Functional properties

Like many products, the quality of the raw materials influences the quality of the final product and its properties. PCMs can be produced from many different sources, for example, bituminous coal, bones, coconut shells, lignite, peat, pecan shells, petroleum-based residues, pulp mill black ash, sugar, wastewater treatment sludge and wood.

The origin and process affect the final product

Of course, the specific origin of the PCM will significantly affect its final properties. The second important factor influencing the final product properties is the process applied. Firstly, the temperature used for the carbonisation process and secondly, the potential ‘activators’ involved. Both aspects can help to enhance the open pore structure, increasing pore size and volume and thus the total surface area of the product.

…impurities will naturally impact its quality and functional properties. 

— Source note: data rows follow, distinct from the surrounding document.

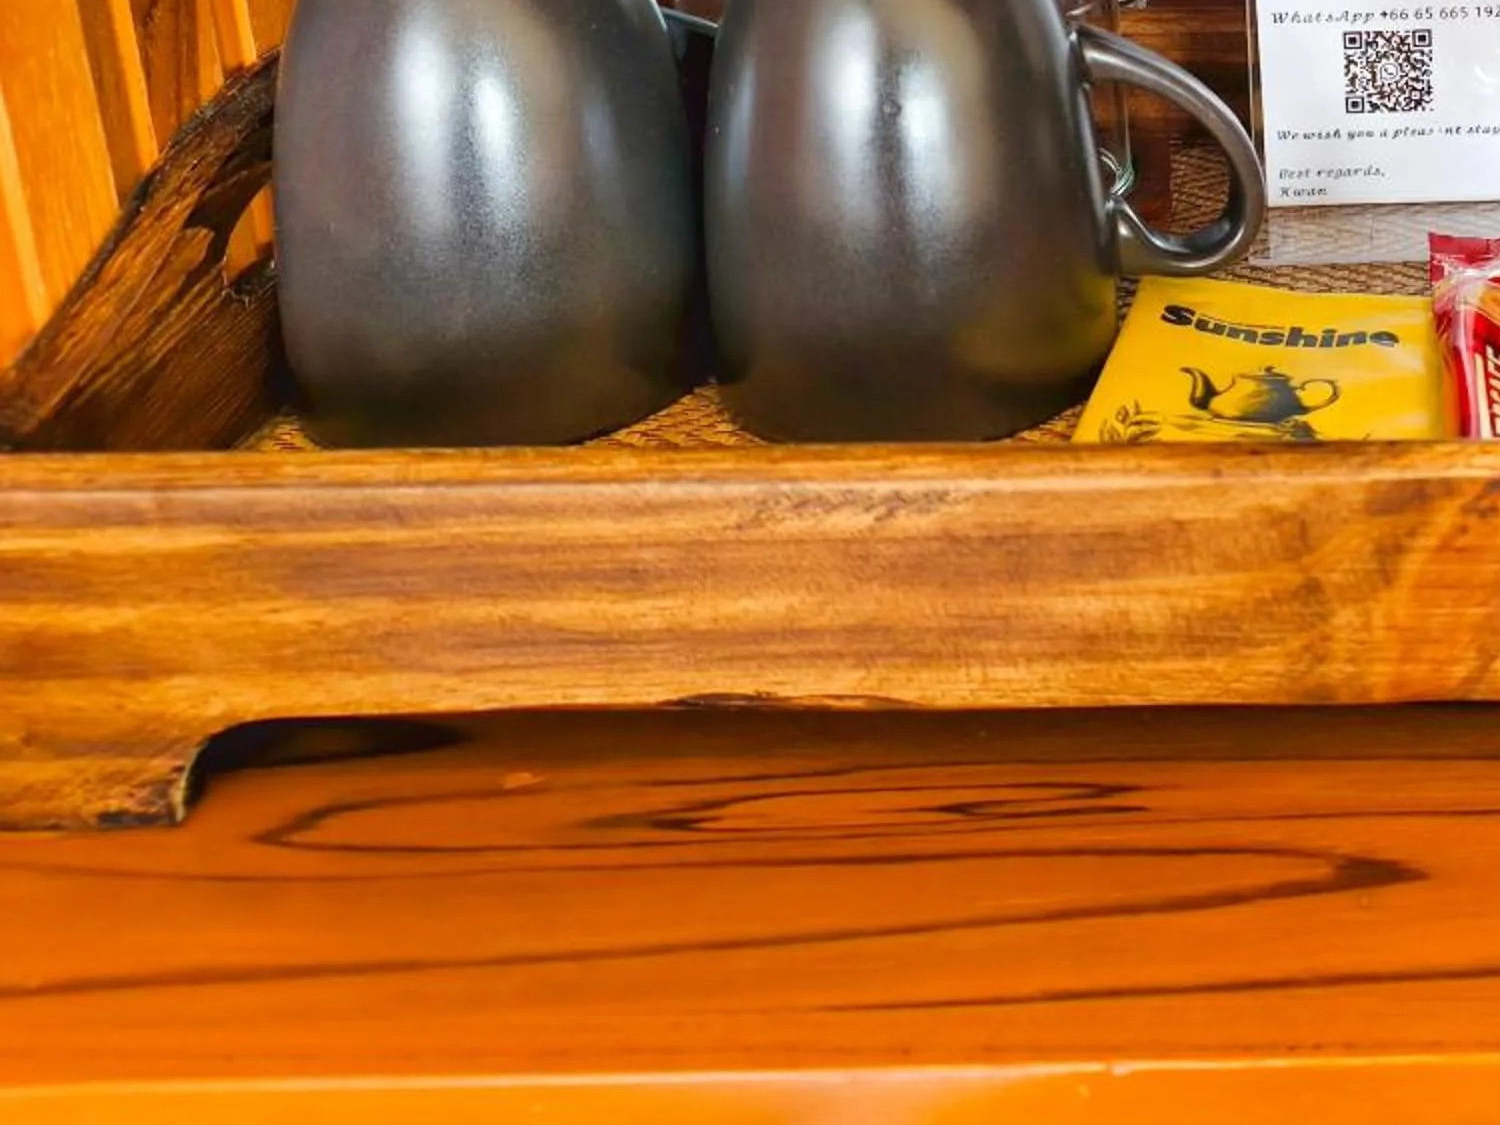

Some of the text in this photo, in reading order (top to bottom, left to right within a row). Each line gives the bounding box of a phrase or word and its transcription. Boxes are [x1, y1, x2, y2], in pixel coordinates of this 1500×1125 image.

[1380, 5, 1410, 20] +66
[1415, 5, 1434, 20] 65
[1440, 5, 1470, 20] 665
[1277, 129, 1300, 141] We
[1303, 128, 1342, 140] wish
[1347, 129, 1375, 141] you
[1160, 302, 1400, 349] Sunshine

The purity of the starting material and the resulting final product will determine the definitive properties of any PCM. Any impurities will naturally impact its quality and functional properties. The origin of the starting material, the process applied and the resulting purity can be largely controlled and standardised. This in turn will affect the final quality and functional properties of any PCM.

Application in animals

Various solutions are used today to prevent disease outbreaks or reduce their impact on animal welfare and performance. Besides improving health management, nutritional solutions may include improving protein digestibility and intestinal passage rate, prebiotics and probiotics, organic acids, as well as bio-active toxin and myco-toxin binders. All have different modes of action to support a balanced microbiome and healthy gut.

Toxin-binding properties

PCMs have toxin-binding properties but no direct effect (positive or negative) on either the microflora or gut integrity. The right source of PCM will bind enterotoxins produced by the microflora which would otherwise damage the gut. Such damage would lead to increased nutrient costs and enable pathogens to take hold due to inflammation and loss of gut integrity. By binding some of the toxins present, gut integrity can be better maintained.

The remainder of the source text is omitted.